TASK GOAL: Print every entry exactly once more, omitting each picture.

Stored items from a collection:
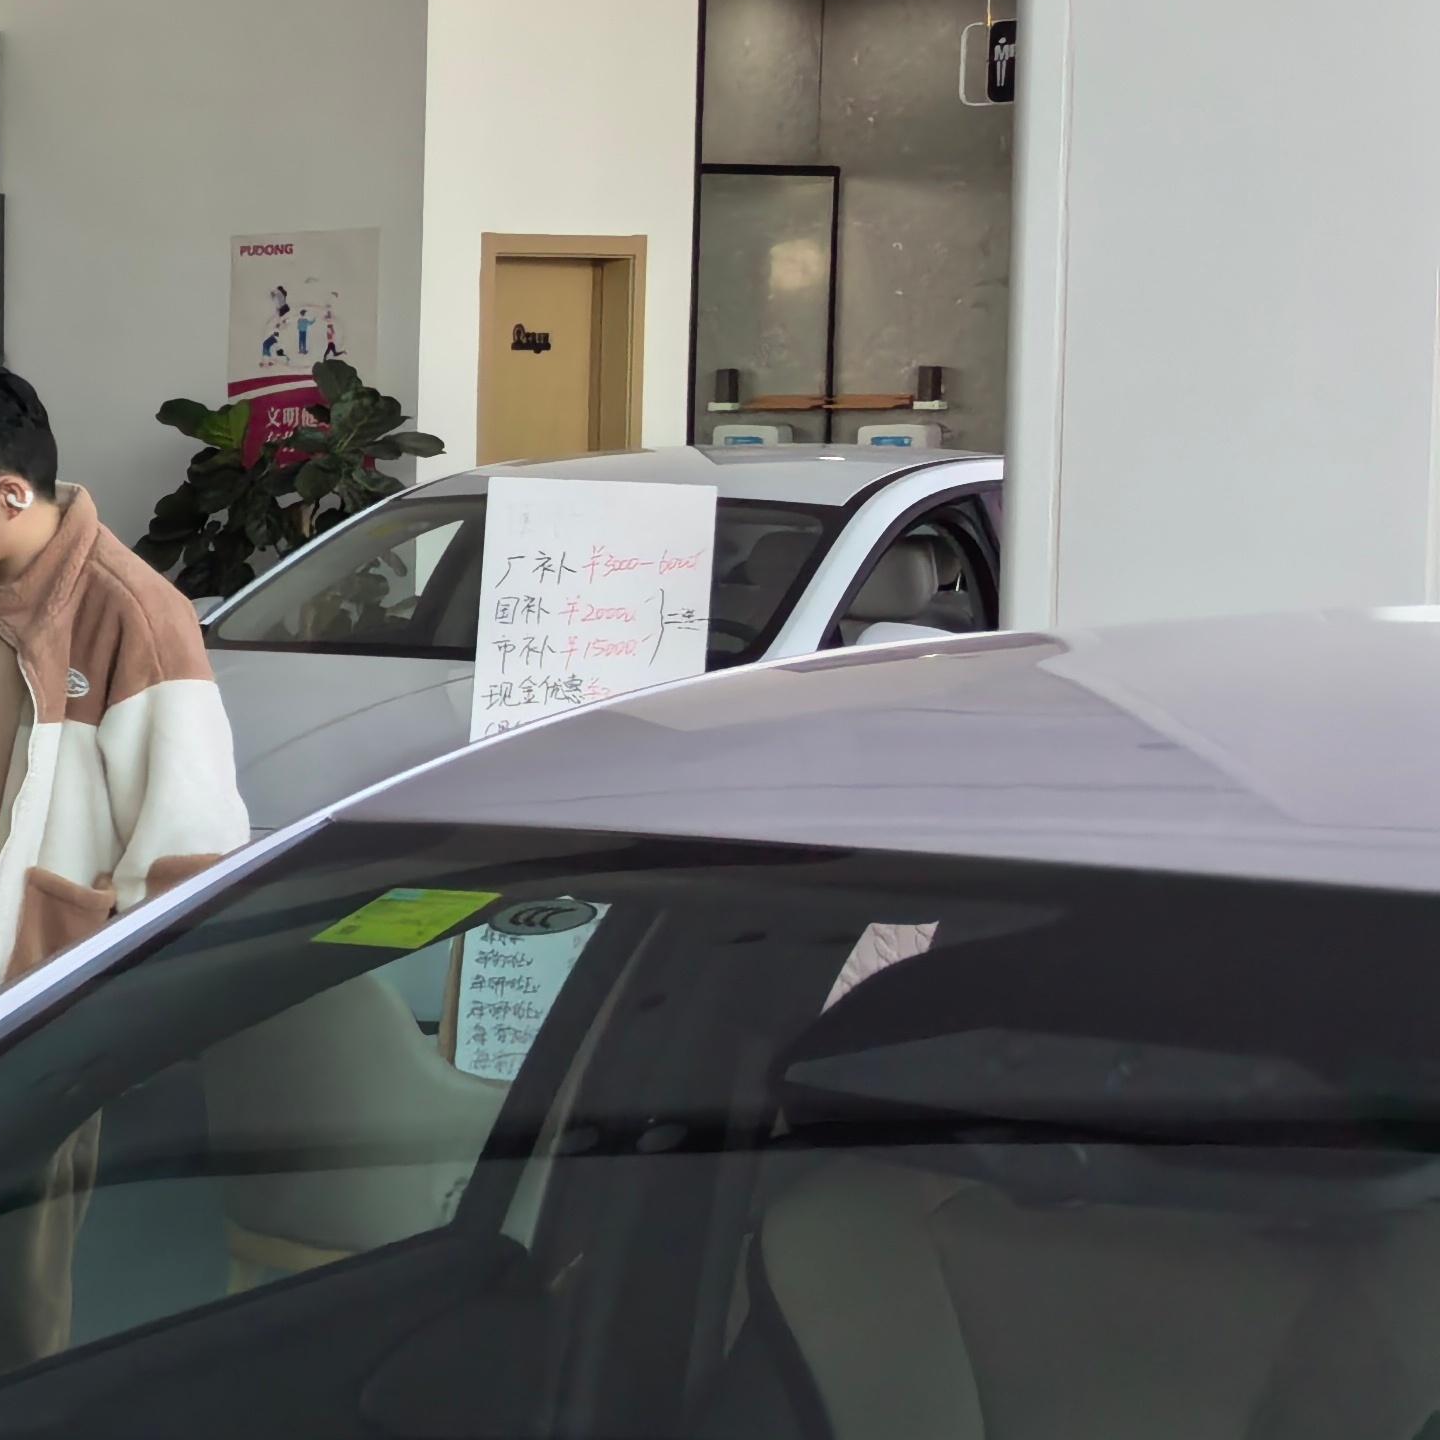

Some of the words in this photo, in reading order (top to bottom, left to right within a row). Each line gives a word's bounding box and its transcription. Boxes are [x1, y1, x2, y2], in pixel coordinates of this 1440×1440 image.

[239, 243, 294, 257] PUDONG
[494, 549, 578, 589] 厂补
[495, 594, 550, 625] 国补
[492, 634, 556, 675] 市补
[480, 673, 585, 711] 现金优惠

ANSWER BELOW:
Some of the words in this photo, in reading order (top to bottom, left to right within a row). Each line gives a word's bounding box and its transcription. Boxes are [x1, y1, x2, y2], in pixel coordinates of this 1440×1440 image.

[239, 243, 294, 257] PUDONG
[494, 549, 578, 589] 厂补
[495, 594, 550, 625] 国补
[492, 634, 556, 675] 市补
[480, 673, 585, 711] 现金优惠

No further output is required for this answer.